*** Begin section ***

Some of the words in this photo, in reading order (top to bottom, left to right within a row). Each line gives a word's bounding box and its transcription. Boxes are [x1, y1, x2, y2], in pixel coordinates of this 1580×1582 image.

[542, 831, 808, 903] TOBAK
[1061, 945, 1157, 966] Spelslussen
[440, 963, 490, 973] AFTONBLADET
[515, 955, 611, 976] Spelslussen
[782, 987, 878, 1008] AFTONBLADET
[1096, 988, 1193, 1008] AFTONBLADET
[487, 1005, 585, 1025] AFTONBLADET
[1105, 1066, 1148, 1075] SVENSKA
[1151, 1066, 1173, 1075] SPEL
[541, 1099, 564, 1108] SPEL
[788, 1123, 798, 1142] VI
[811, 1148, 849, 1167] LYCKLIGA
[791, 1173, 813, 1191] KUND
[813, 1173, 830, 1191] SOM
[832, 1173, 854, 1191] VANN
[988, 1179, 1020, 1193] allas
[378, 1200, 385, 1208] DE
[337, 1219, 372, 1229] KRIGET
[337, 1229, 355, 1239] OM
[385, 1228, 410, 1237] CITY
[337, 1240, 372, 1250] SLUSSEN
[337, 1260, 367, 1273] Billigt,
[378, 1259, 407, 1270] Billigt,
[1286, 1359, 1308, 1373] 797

*** End section ***

= Task description =
An exact copy of every entry is the expected result.

= Answer box =
Some of the words in this photo, in reading order (top to bottom, left to right within a row). Each line gives a word's bounding box and its transcription. Boxes are [x1, y1, x2, y2], in pixel coordinates of this 1580×1582 image.

[542, 831, 808, 903] TOBAK
[1061, 945, 1157, 966] Spelslussen
[440, 963, 490, 973] AFTONBLADET
[515, 955, 611, 976] Spelslussen
[782, 987, 878, 1008] AFTONBLADET
[1096, 988, 1193, 1008] AFTONBLADET
[487, 1005, 585, 1025] AFTONBLADET
[1105, 1066, 1148, 1075] SVENSKA
[1151, 1066, 1173, 1075] SPEL
[541, 1099, 564, 1108] SPEL
[788, 1123, 798, 1142] VI
[811, 1148, 849, 1167] LYCKLIGA
[791, 1173, 813, 1191] KUND
[813, 1173, 830, 1191] SOM
[832, 1173, 854, 1191] VANN
[988, 1179, 1020, 1193] allas
[378, 1200, 385, 1208] DE
[337, 1219, 372, 1229] KRIGET
[337, 1229, 355, 1239] OM
[385, 1228, 410, 1237] CITY
[337, 1240, 372, 1250] SLUSSEN
[337, 1260, 367, 1273] Billigt,
[378, 1259, 407, 1270] Billigt,
[1286, 1359, 1308, 1373] 797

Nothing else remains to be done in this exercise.